§ **Directions**: The pictures in the data below are to be omitted; all else must be duplicated exactly.

####

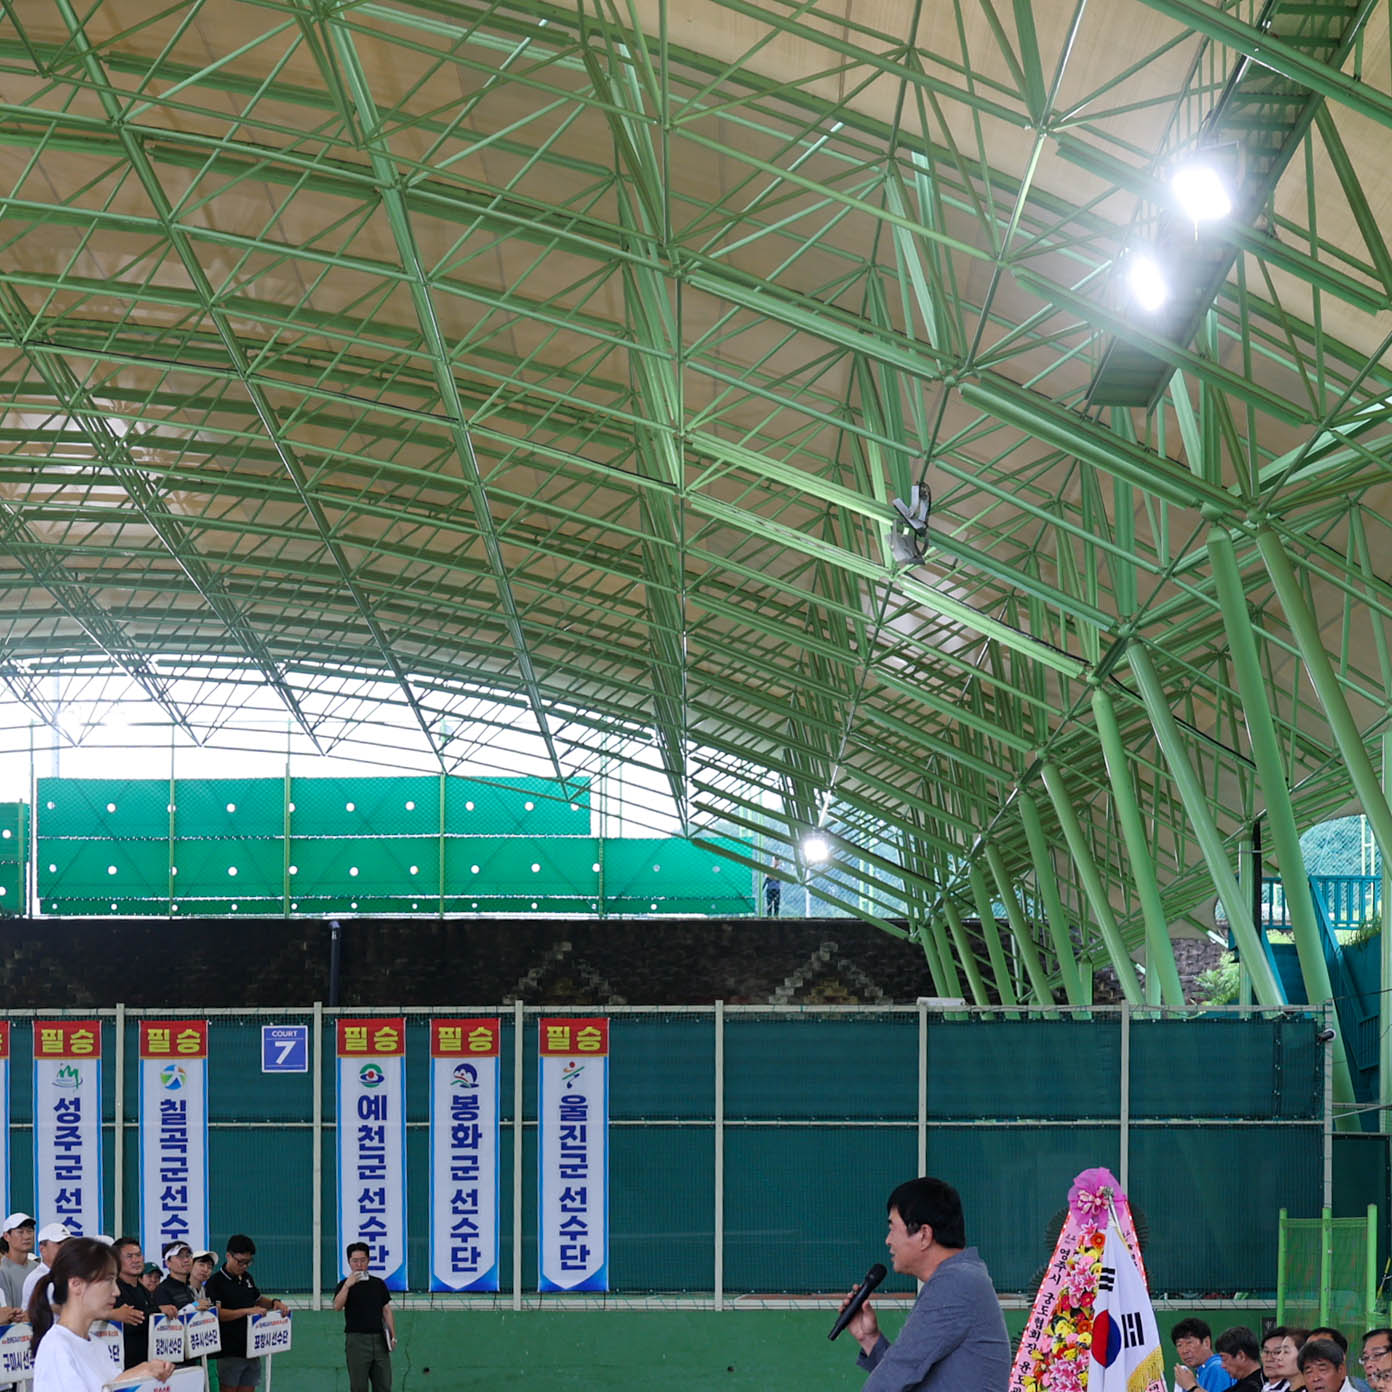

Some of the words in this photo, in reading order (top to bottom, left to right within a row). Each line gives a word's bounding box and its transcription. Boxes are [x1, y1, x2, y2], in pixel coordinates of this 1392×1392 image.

[41, 1029, 94, 1054] 필승
[147, 1029, 201, 1053] 필승
[271, 1030, 298, 1038] COURT
[344, 1027, 399, 1051] 필승
[438, 1027, 493, 1051] 필승
[546, 1026, 602, 1051] 필승
[274, 1041, 297, 1065] 7
[53, 1097, 83, 1181] 성주군
[357, 1095, 388, 1181] 예천군
[450, 1095, 483, 1181] 봉화군
[559, 1094, 589, 1180] 울진군
[450, 1188, 481, 1273] 선수단
[559, 1187, 590, 1272] 선수단
[3, 1352, 22, 1373] 구미시
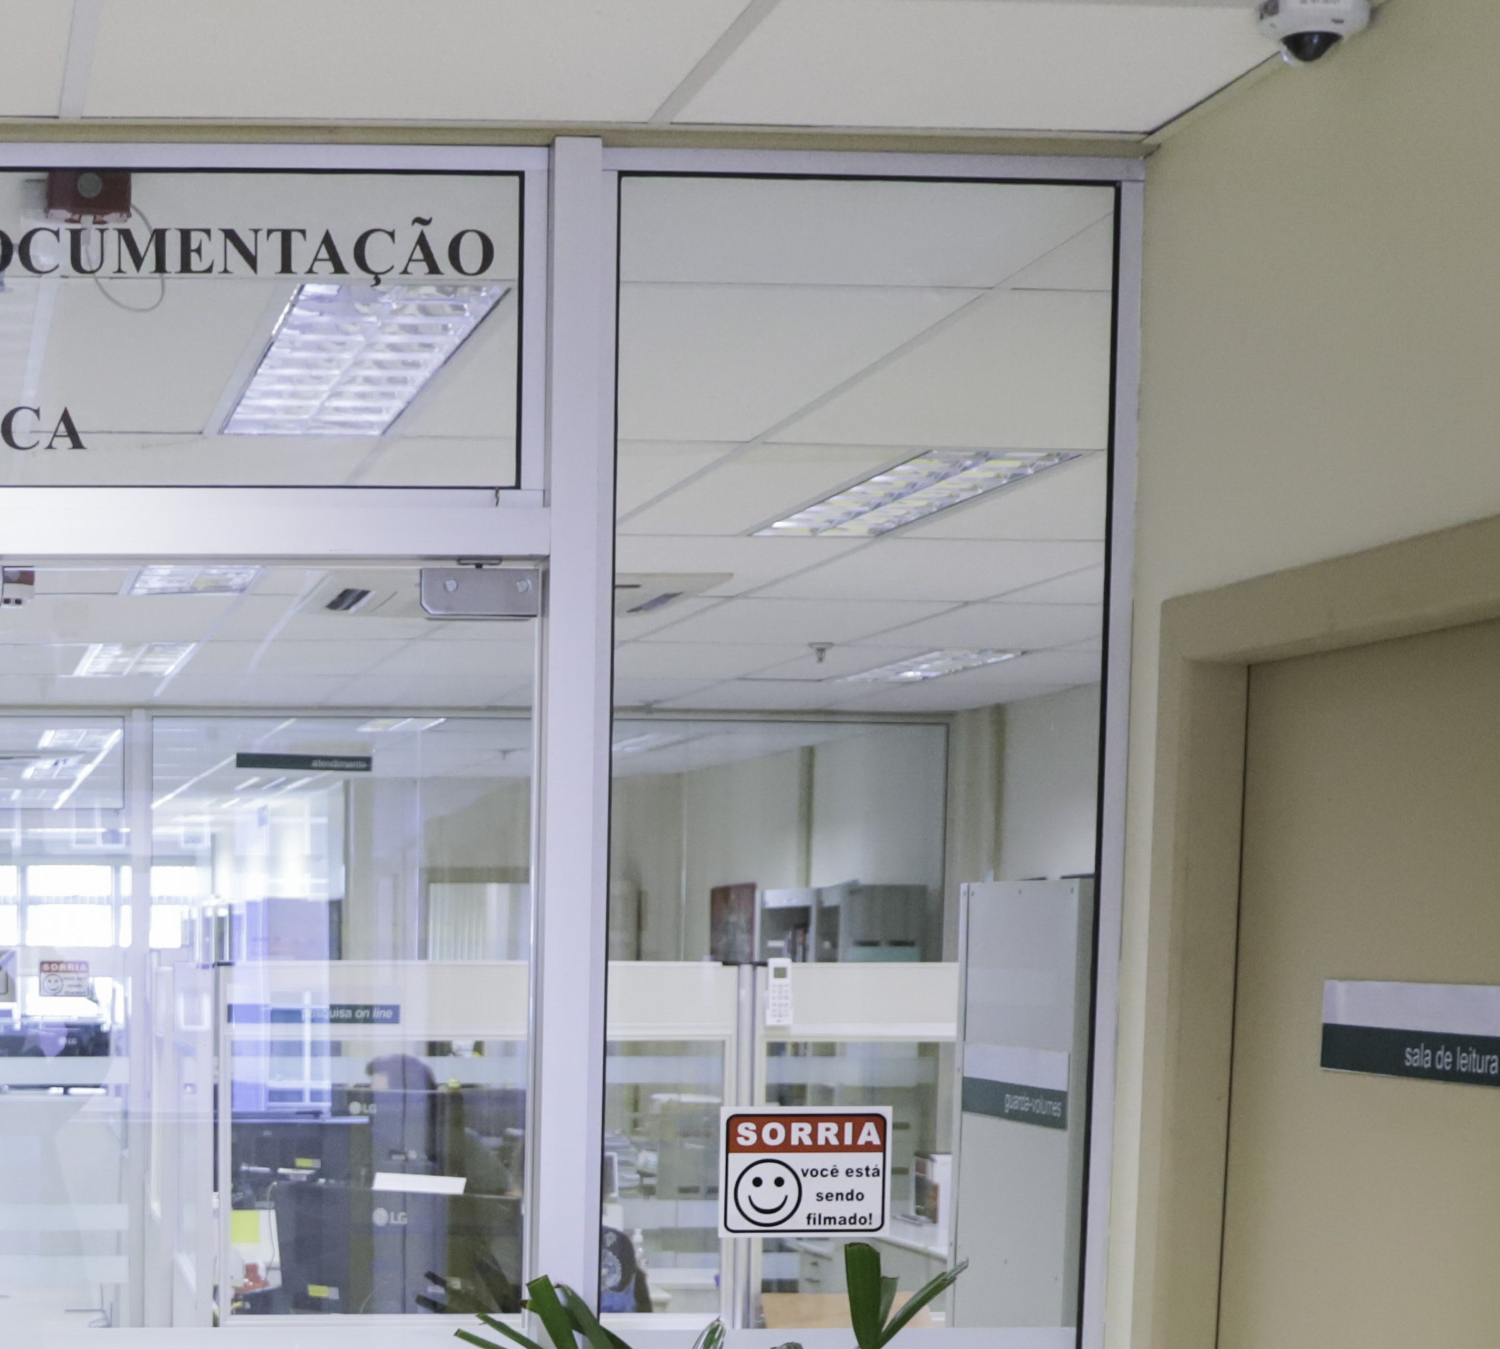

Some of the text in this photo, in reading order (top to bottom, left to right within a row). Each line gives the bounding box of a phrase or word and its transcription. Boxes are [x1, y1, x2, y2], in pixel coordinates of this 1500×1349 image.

[43, 963, 88, 972] SORRIA
[355, 1009, 370, 1019] on
[372, 1007, 393, 1019] line
[1404, 1043, 1500, 1074] sala de leitura
[363, 1104, 377, 1114] LG
[736, 1121, 882, 1147] SORRIA
[801, 1164, 881, 1178] você está
[815, 1189, 865, 1202] sendo
[389, 1211, 408, 1225] LG
[806, 1213, 873, 1226] filmado!
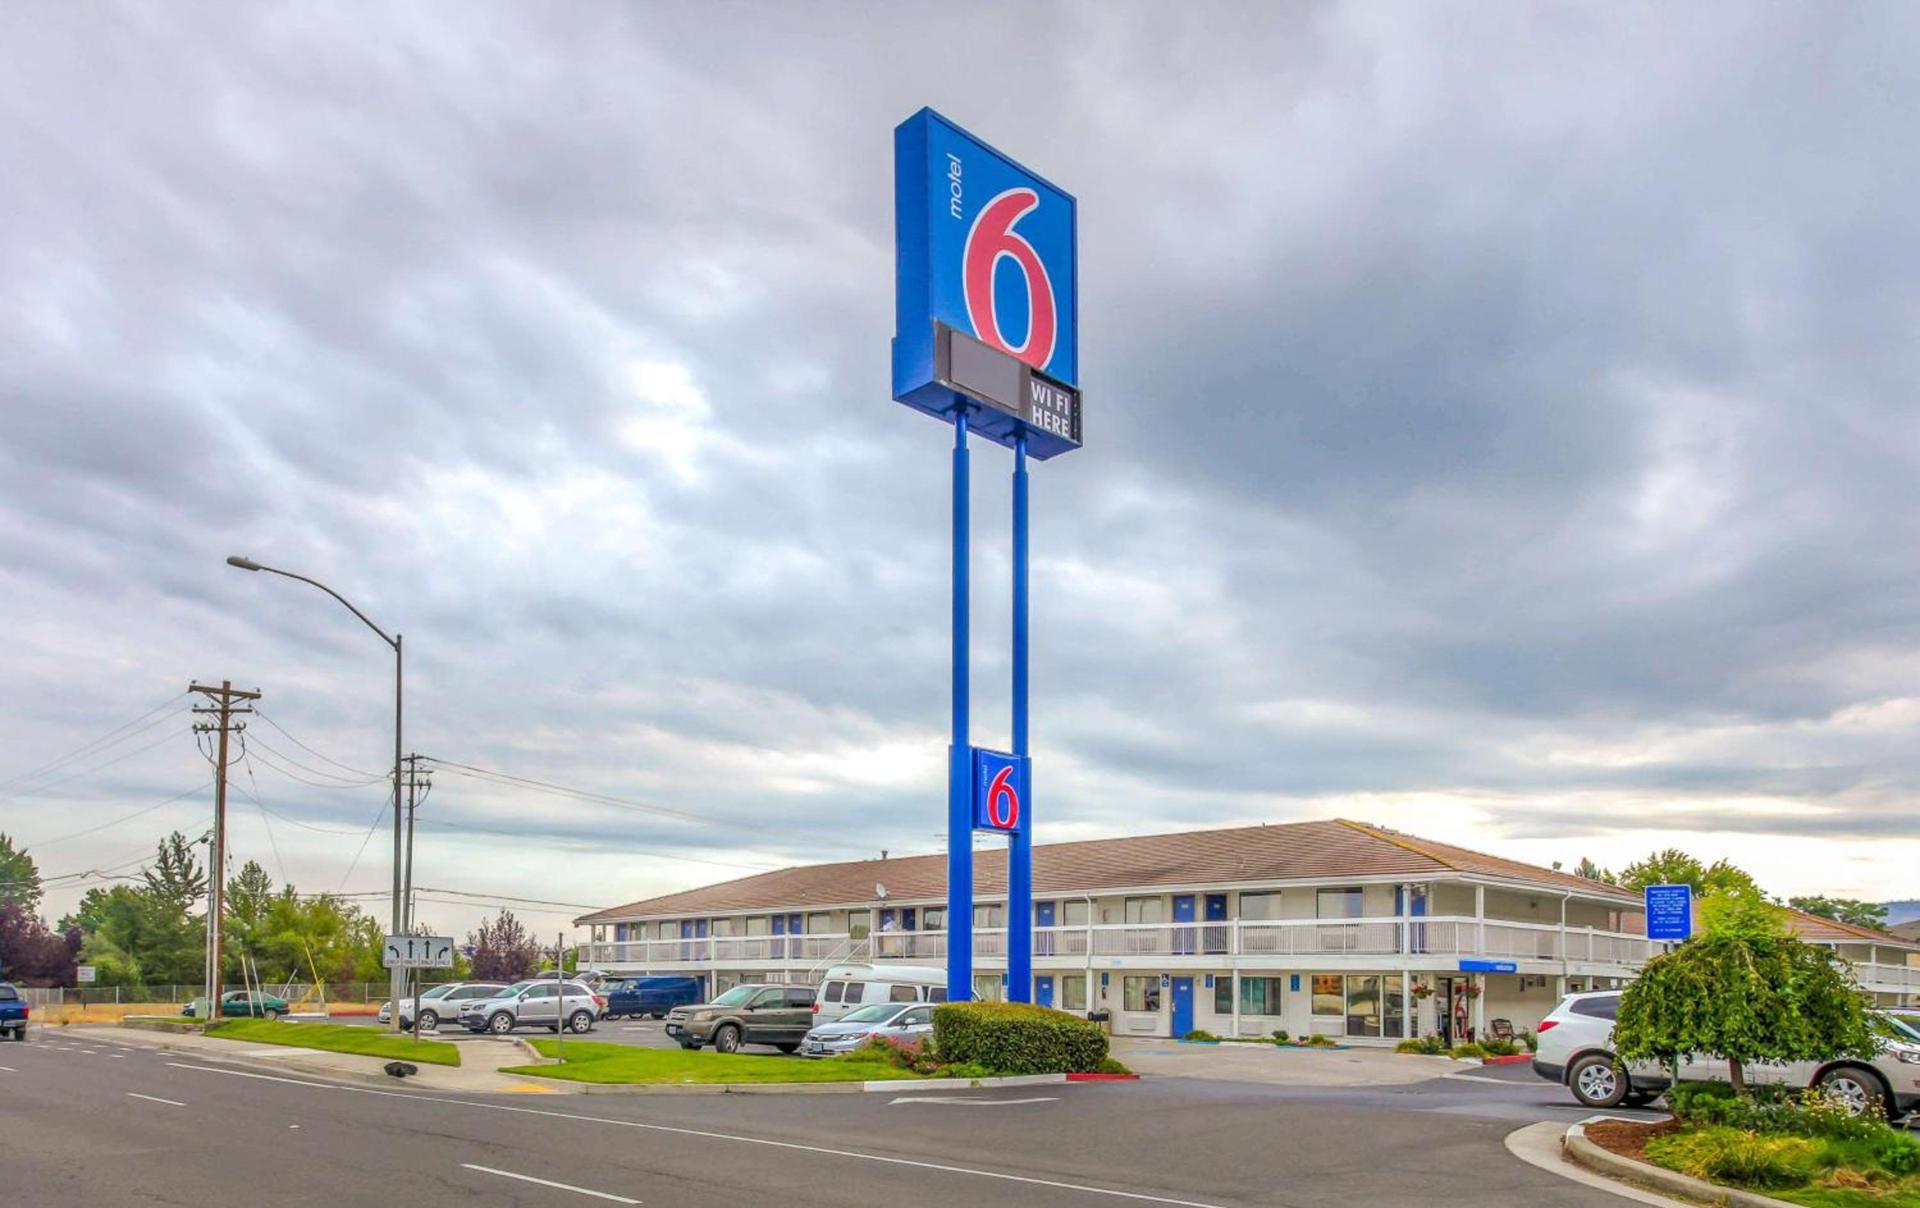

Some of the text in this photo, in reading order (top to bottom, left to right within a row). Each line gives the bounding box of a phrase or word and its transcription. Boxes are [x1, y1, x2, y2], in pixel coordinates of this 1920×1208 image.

####

§ **Exercise answer**:
Some of the words in this photo, in reading order (top to bottom, left to right within a row). Each line gives a word's bounding box and its transcription. Boxes are [x1, y1, x2, y2], in pixel coordinates of this 1392×1392 image.

[41, 1029, 94, 1054] 필승
[147, 1029, 201, 1053] 필승
[271, 1030, 298, 1038] COURT
[344, 1027, 399, 1051] 필승
[438, 1027, 493, 1051] 필승
[546, 1026, 602, 1051] 필승
[274, 1041, 297, 1065] 7
[53, 1097, 83, 1181] 성주군
[357, 1095, 388, 1181] 예천군
[450, 1095, 483, 1181] 봉화군
[559, 1094, 589, 1180] 울진군
[450, 1188, 481, 1273] 선수단
[559, 1187, 590, 1272] 선수단
[3, 1352, 22, 1373] 구미시

Some of the text in this photo, in reading order (top to bottom, left to right within a row). Each line gives the bounding box of a phrase or word and its transcription. Boxes are [x1, y1, x2, y2], in pixel coordinates of this 1500×1349 image.

[43, 963, 88, 972] SORRIA
[355, 1009, 370, 1019] on
[372, 1007, 393, 1019] line
[1404, 1043, 1500, 1074] sala de leitura
[363, 1104, 377, 1114] LG
[736, 1121, 882, 1147] SORRIA
[801, 1164, 881, 1178] você está
[815, 1189, 865, 1202] sendo
[389, 1211, 408, 1225] LG
[806, 1213, 873, 1226] filmado!

Some of the text in this photo, in reading order (top to bottom, left to right within a row). Each line gives the bounding box of a phrase or word and its transcription. Boxes are [x1, y1, x2, y2], in pixel coordinates of this 1920×1208 image.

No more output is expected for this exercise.